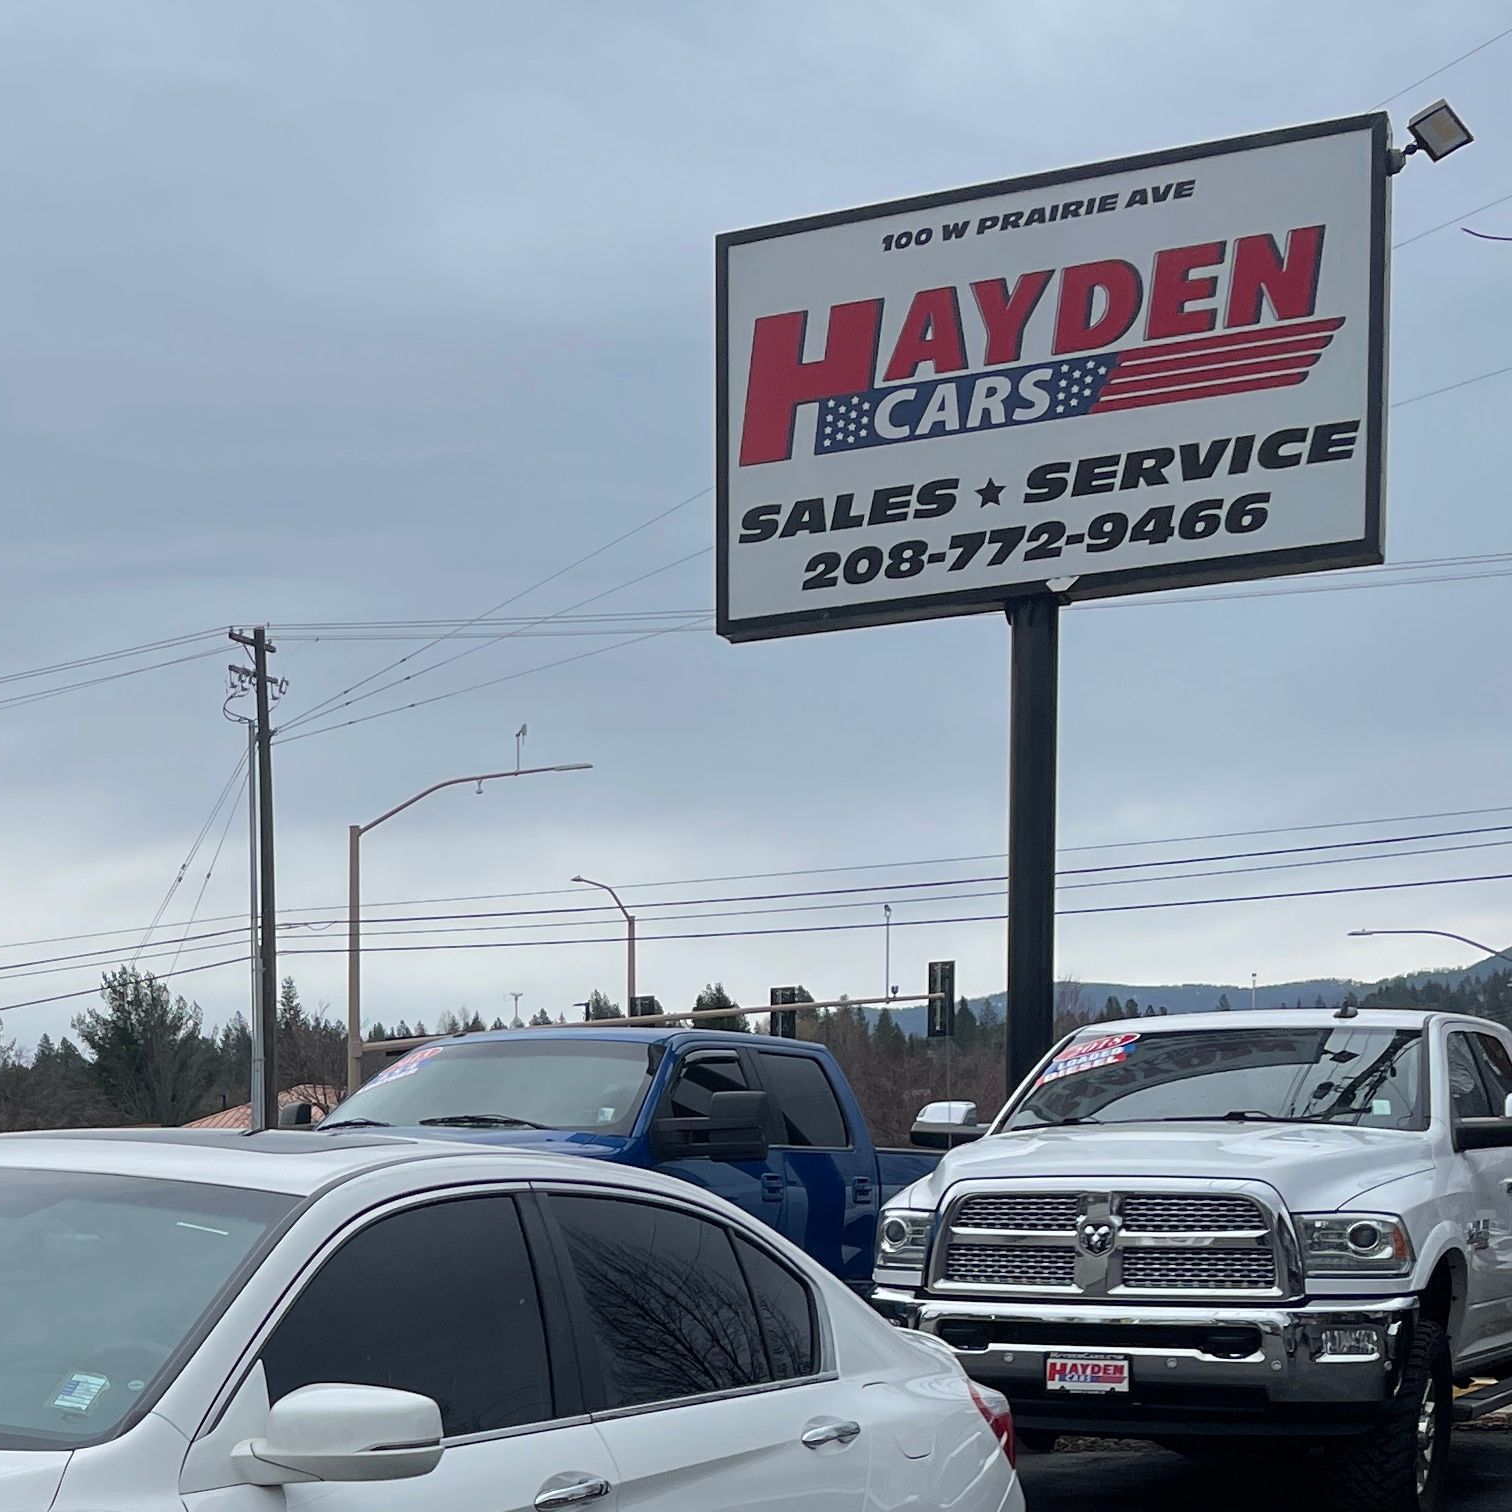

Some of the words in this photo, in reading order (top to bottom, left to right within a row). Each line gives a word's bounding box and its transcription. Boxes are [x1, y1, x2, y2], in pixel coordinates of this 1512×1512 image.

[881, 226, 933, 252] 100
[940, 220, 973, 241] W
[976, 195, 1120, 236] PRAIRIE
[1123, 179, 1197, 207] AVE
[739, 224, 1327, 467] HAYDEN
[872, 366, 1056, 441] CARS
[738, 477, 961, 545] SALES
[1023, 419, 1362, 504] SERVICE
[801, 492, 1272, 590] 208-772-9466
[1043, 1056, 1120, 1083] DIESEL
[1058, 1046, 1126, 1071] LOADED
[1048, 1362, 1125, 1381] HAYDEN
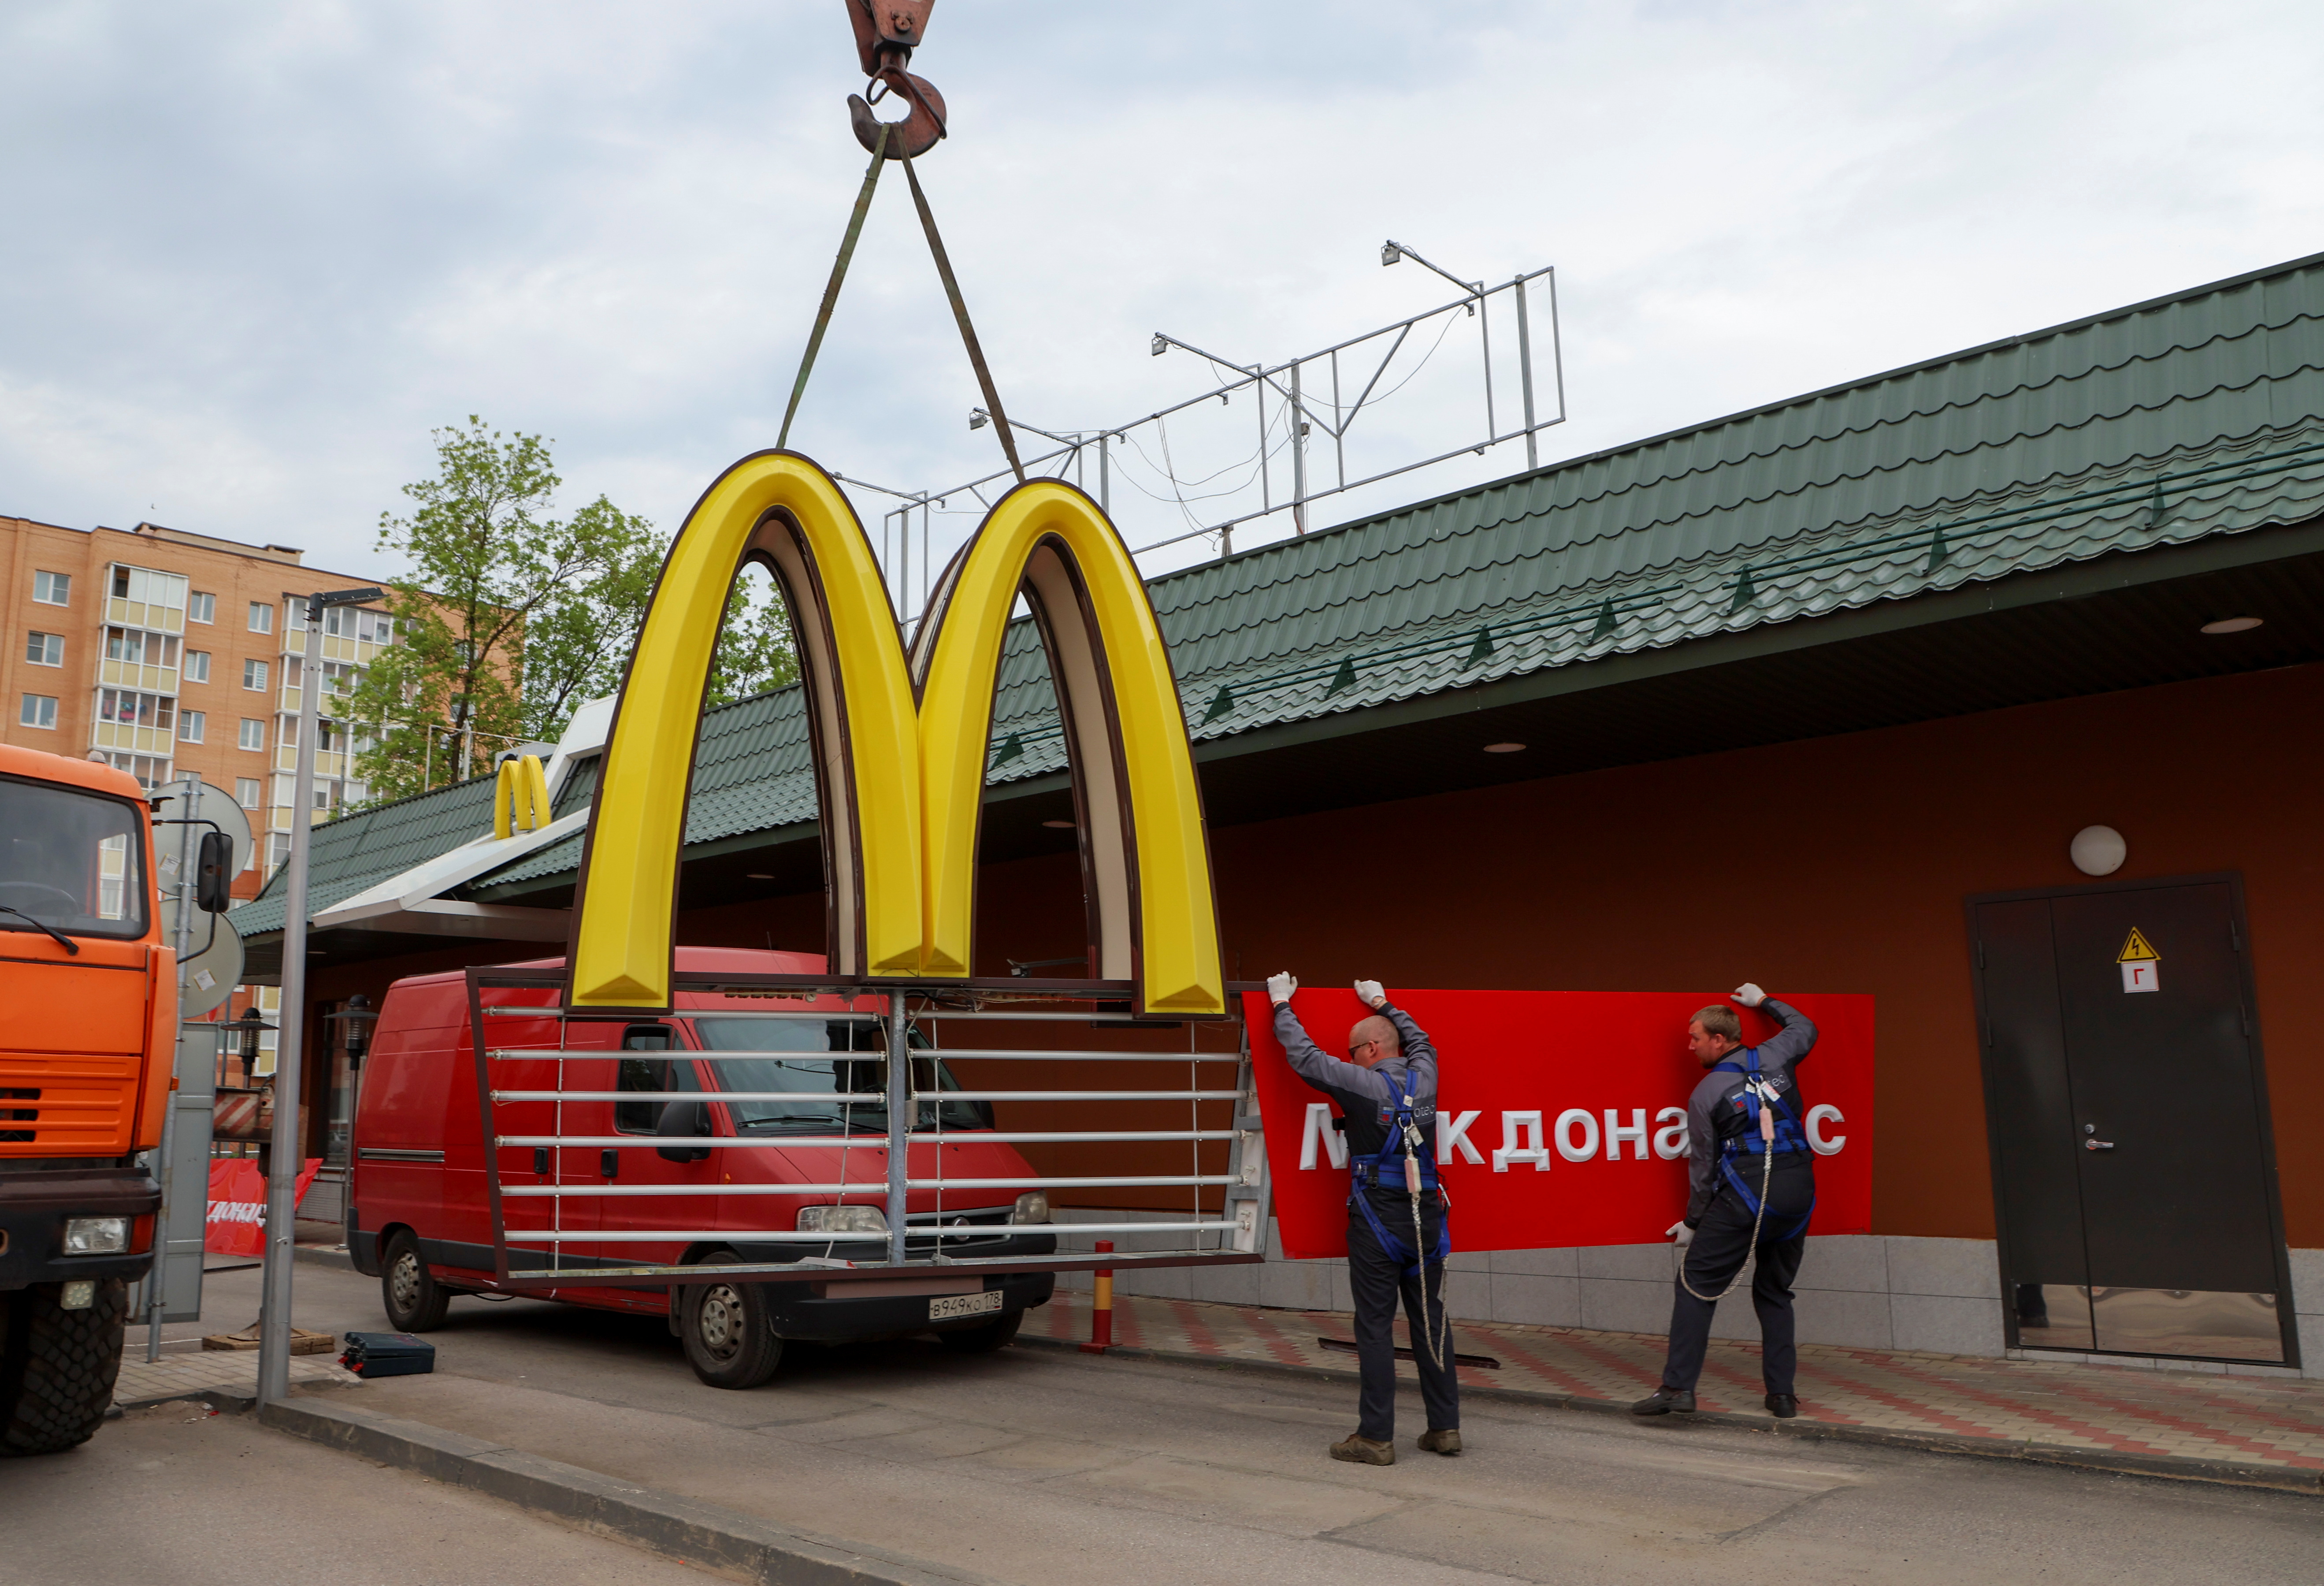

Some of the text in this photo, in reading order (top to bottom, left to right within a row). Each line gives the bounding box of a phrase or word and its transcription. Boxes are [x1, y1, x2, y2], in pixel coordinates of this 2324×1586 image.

▶ _ABOUT THIS EXERCISE_: Repeat the records above word for word, keeping no pictures in the copy.

▶ _REPLY TO THE TASK_:
Some of the words in this photo, in reading order (top to bottom, left to right within a row). Each line gives a word's bounding box and its transcription. Boxes are [x1, y1, x2, y2], in pixel coordinates of this 1512×1512 image.

[881, 226, 933, 252] 100
[940, 220, 973, 241] W
[976, 195, 1120, 236] PRAIRIE
[1123, 179, 1197, 207] AVE
[739, 224, 1327, 467] HAYDEN
[872, 366, 1056, 441] CARS
[738, 477, 961, 545] SALES
[1023, 419, 1362, 504] SERVICE
[801, 492, 1272, 590] 208-772-9466
[1043, 1056, 1120, 1083] DIESEL
[1058, 1046, 1126, 1071] LOADED
[1048, 1362, 1125, 1381] HAYDEN

Some of the text in this photo, in reading order (top to bottom, left to right within a row). Each line gives the bounding box of a phrase or word and its transcription. Boxes are [x1, y1, x2, y2], in pixel coordinates of this 2324×1586 image.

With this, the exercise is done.